Evolution of deep-ocean carbon storage in the Indian Ocean since the Last Glacial Maximum

The Last Glacial Maximum (LGM) and the subsequent deglacial period likely featured climate-ocean dynamics and deep-ocean carbon storage states that contrasted with those of today. In this study, we focus on the Indian Ocean and place regional reconstructions in a global context by integrating published results from other ocean basins. Differences in deep-ocean carbon storage between basins across the LGM and deglaciation reflect changes in (1) deep-water mass sources and circulation structure and (2) regional regulation processes within the ocean basin. We reconstruct deep-water oxygen concentrations ([O₂]) between 26 and 10 ka BP using sediments from IODP Site 353-U1445 (Bay of Bengal) and IODP Site 361-U1479 (Cape Basin). Deep-water [O₂] is inferred from the carbon isotope gradient between epifaunal and infaunal benthic foraminifera (Δδ¹³C_epi-in). Changes in biological pump efficiency are assessed from the carbon isotope gradient between planktonic and benthic foraminifera (Δδ¹³C_p-b). Reconstructed [O₂] records are combined with outputs from the TraCE-21ka simulations and CMIP6 EC-Earth3-CC model to estimate respired carbon storage (Pg C).

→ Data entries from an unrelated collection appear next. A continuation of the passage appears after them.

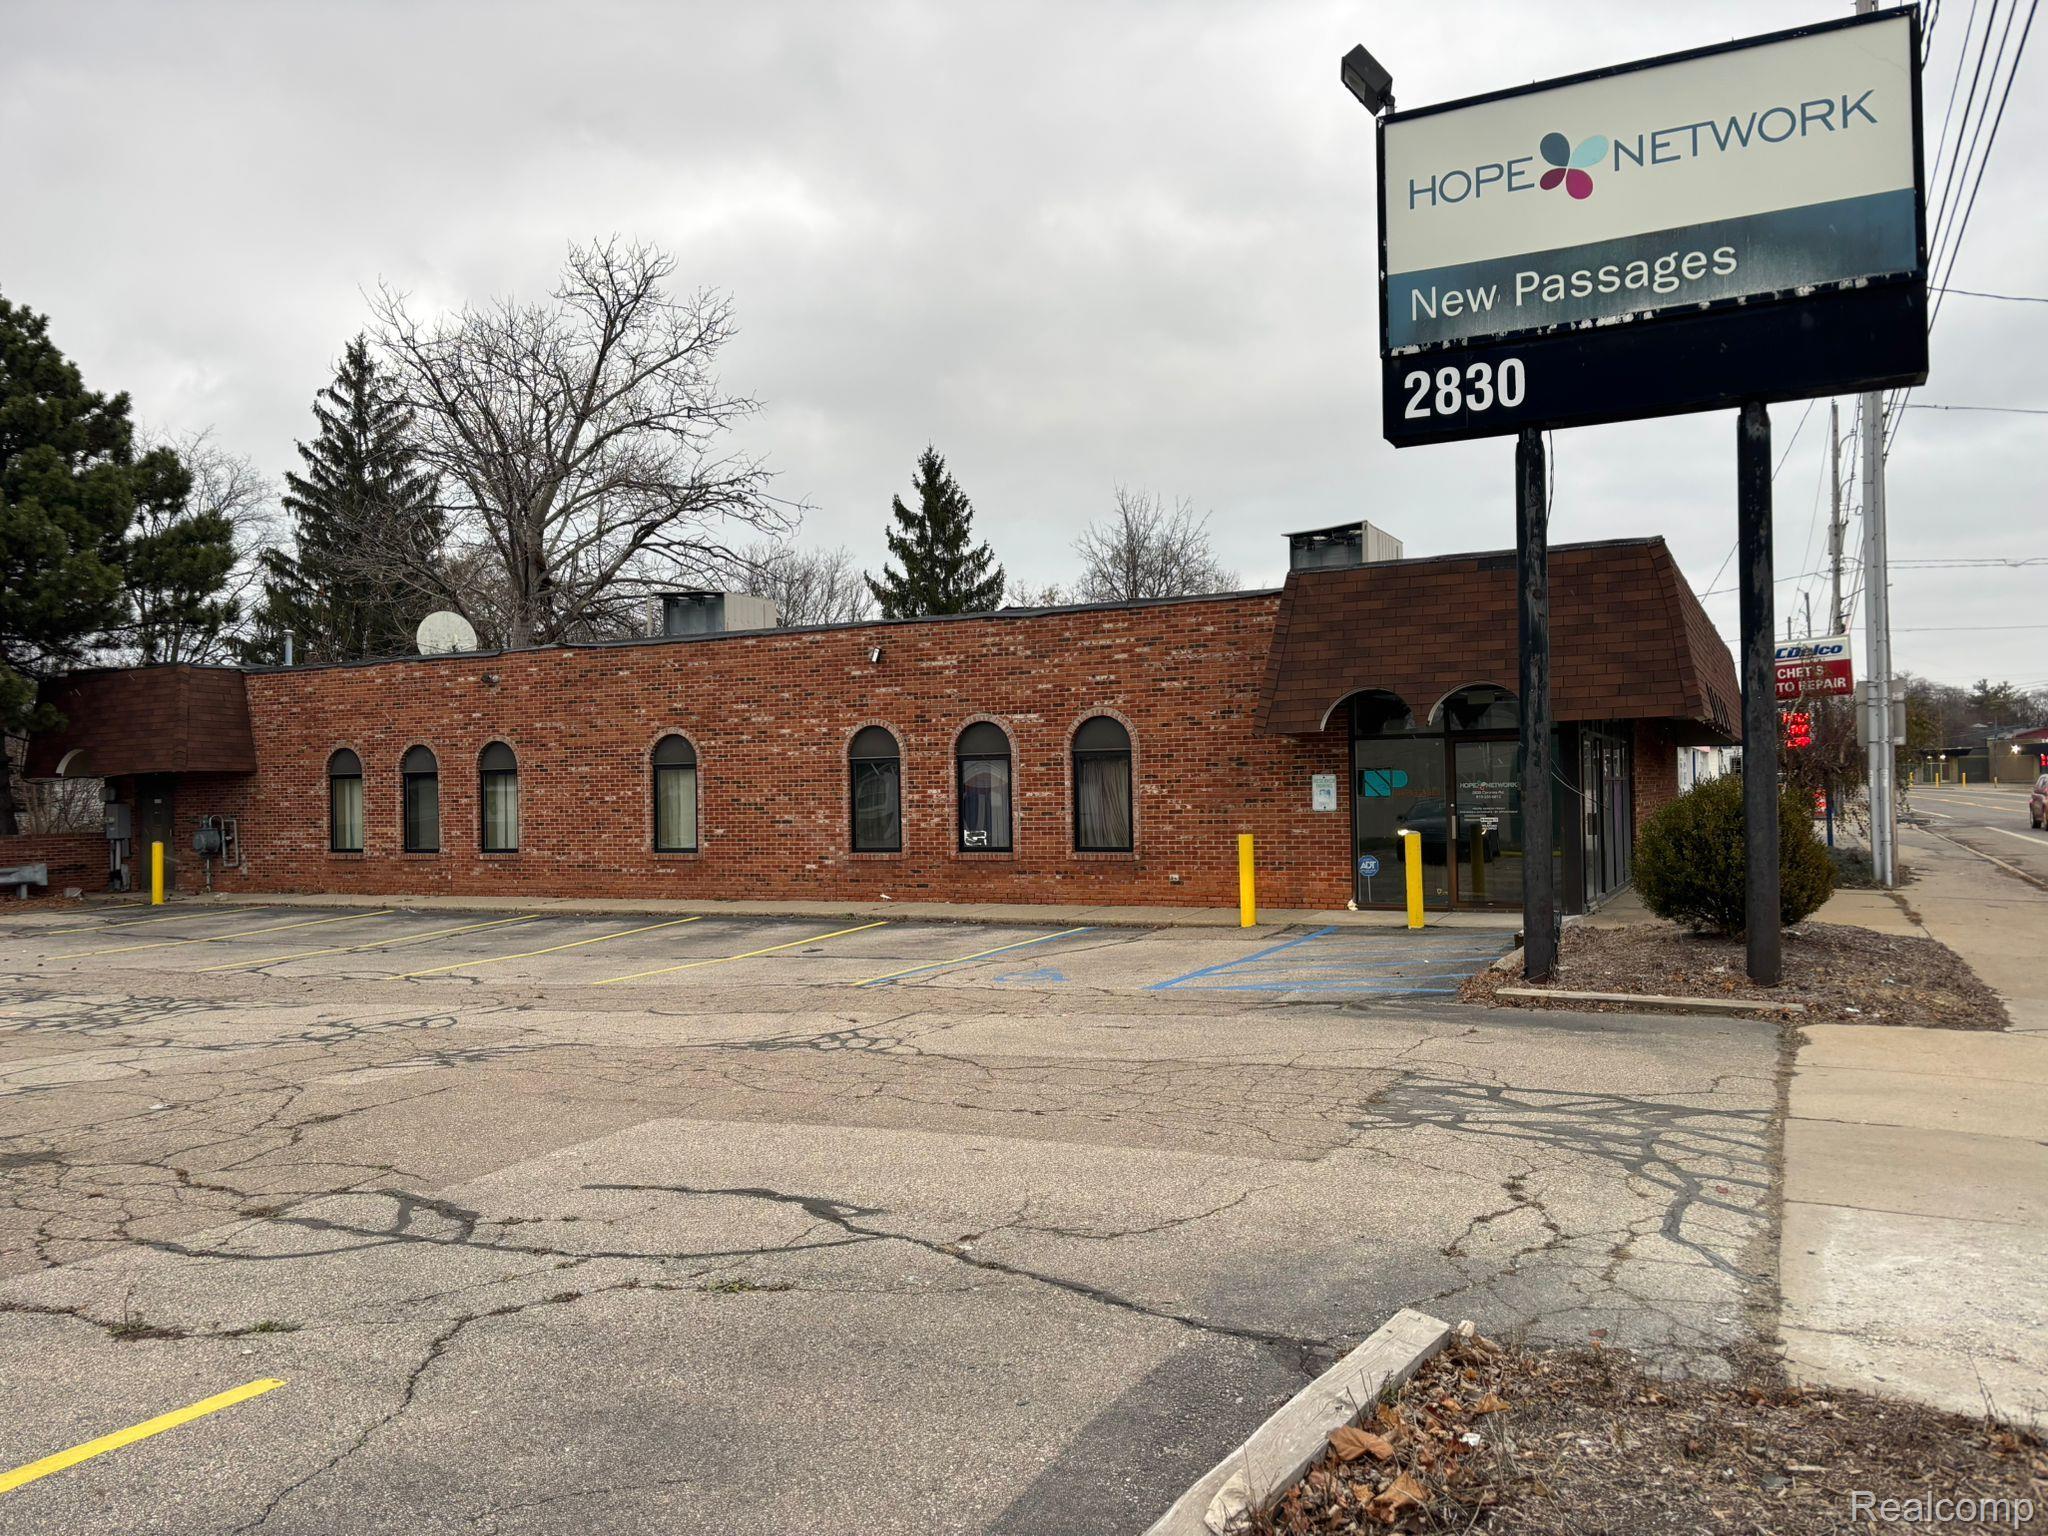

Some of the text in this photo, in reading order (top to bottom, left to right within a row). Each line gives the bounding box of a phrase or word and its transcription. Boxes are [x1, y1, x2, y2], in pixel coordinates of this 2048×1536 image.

[1409, 89, 1879, 210] HOPE NETWORK
[1411, 246, 1737, 321] New Passages
[1404, 357, 1526, 419] 2830
[1775, 677, 1847, 693] TO REPAIR
[1360, 861, 1377, 869] ADT
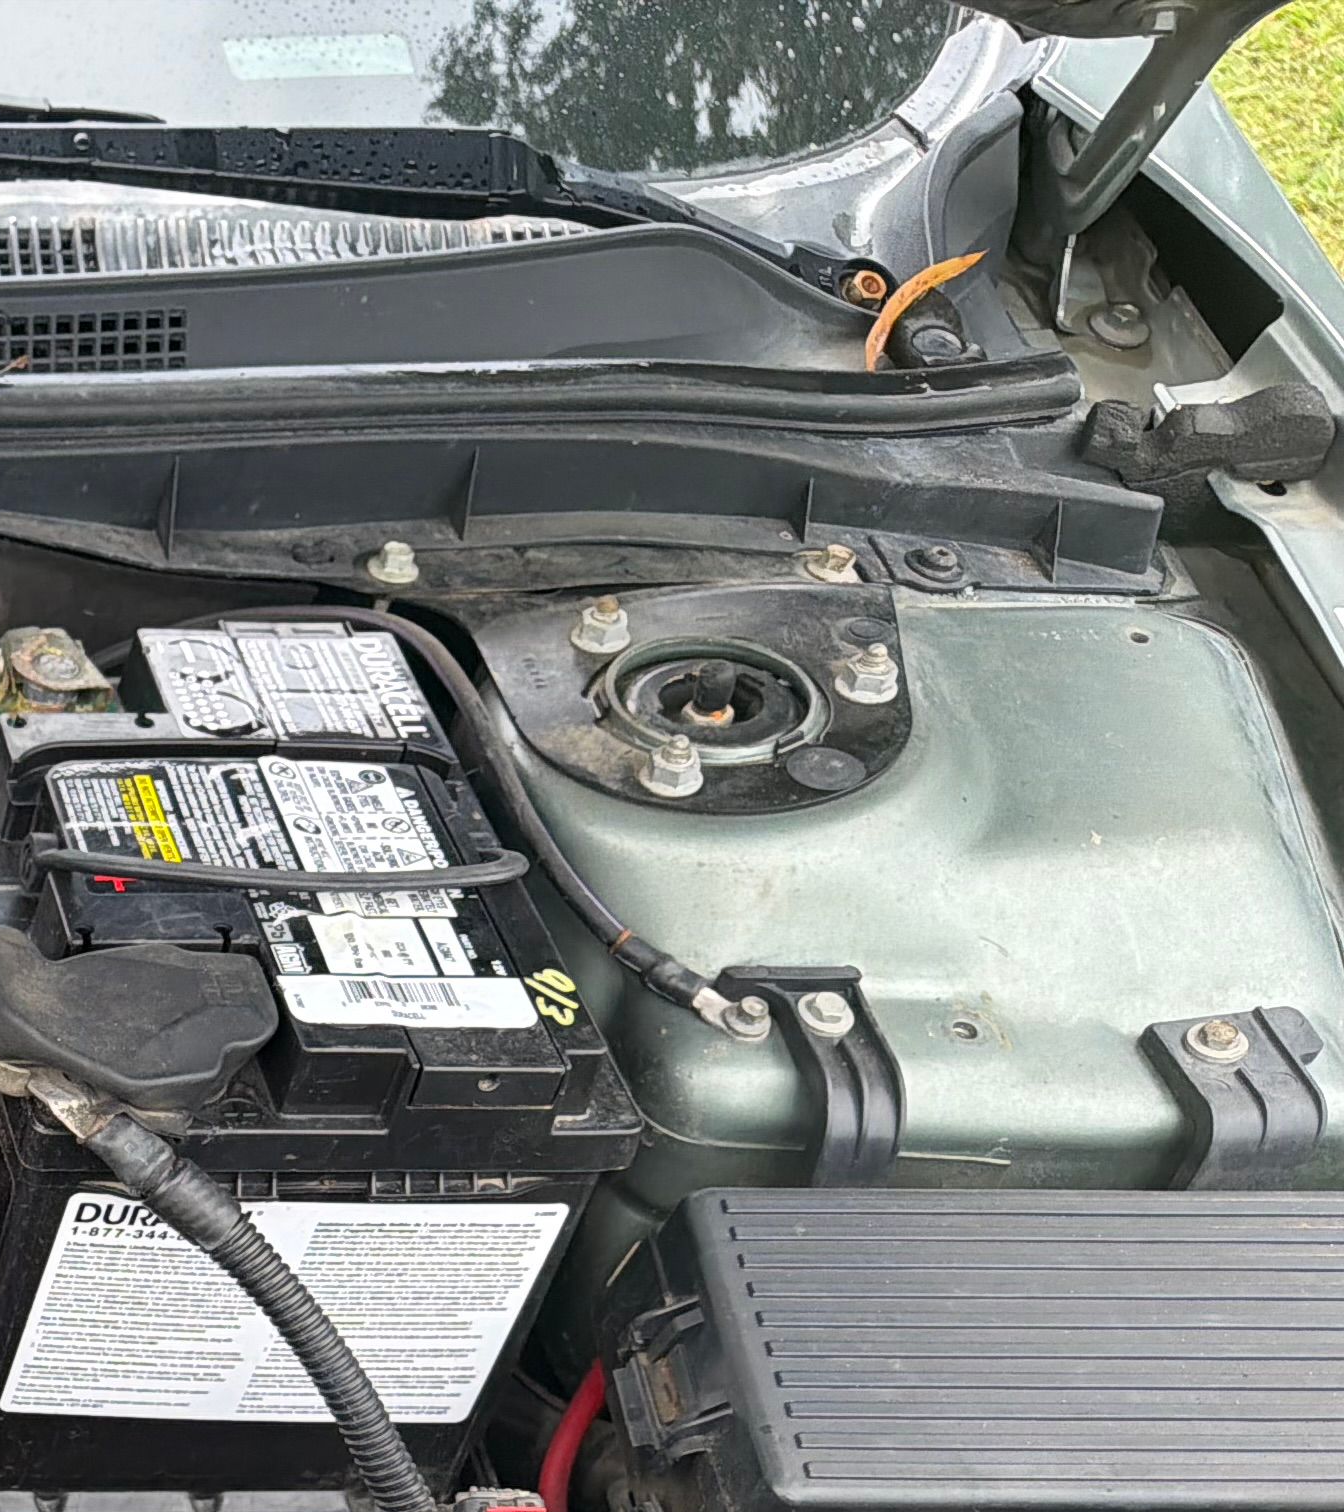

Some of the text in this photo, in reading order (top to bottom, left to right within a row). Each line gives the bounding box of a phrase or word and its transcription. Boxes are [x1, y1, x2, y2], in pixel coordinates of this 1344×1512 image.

During the LGM, deep-water [O₂] variations in the Cape Basin and the Bay of Bengal showed broadly synchronous trends, with major inflection points occurring at similar times. However, changes in the Cape Basin systematically preceded those in the Bay of Bengal. This temporal offset indicates a more rapid response in the Cape Basin relative to the Bay of Bengal. From the LGM to the deglaciation, increasing deep-water [O₂] and declining carbon storage in the Cape Basin are closely associated with reduced biological pump efficiency. In contrast, the Bay of Bengal exhibited stronger variability during the deglaciation, with a pronounced response during the Bølling–Allerød (B/A) interval, when deep-water [O₂] sharply decreased. During the B/A stage, the Antarctic Cold Reversal in the Southern Ocean was characterized by weakened AABW formation and reduced deep-water [O₂]. These changes slowed deep-water renewal and enhanced deep-water organic carbon remineralization, which probably resulted in increased deep-water respired carbon storage in the Indian Ocean. The larger LGM–deglacial amplitude in the Cape Basin reflects its location at the confluence of Atlantic, Southern Ocean, and Indian Ocean water masses, resulting in a more rapid and pronounced response to circulation reorganization, whereas the Bay of Bengal exhibits weaker and delayed responses as a distal deep-water reservoir. Estimated respired carbon storage efficiency in the Cape Basin is higher during the LGM by~0.03 mol m⁻³ and ~0.05 mol m⁻³ relative to Heinrich Stadial 1 (H1) and the B/A, respectively. Consistent with this difference, mean respired carbon storage decreased from ~5.51 Pg C (~2.58 ppm CO₂ equivalent) during the LGM to ~2.84 Pg C (~1.33 ppm) and 1.10 Pg C (~0.52 ppm CO₂) during H1 and the B/A, respectively. In contrast, the Bay of Bengal exhibits higher respired carbon storage during the B/A (1.24 Pg C; ~0.58 ppm CO₂ equivalent) than during the LGM (0.51 Pg C; ~0.24 ppm CO₂ equivalent). This study highlights the heterogeneous response of the Indian Ocean deep carbon reservoir during glacial-interglacial transitions.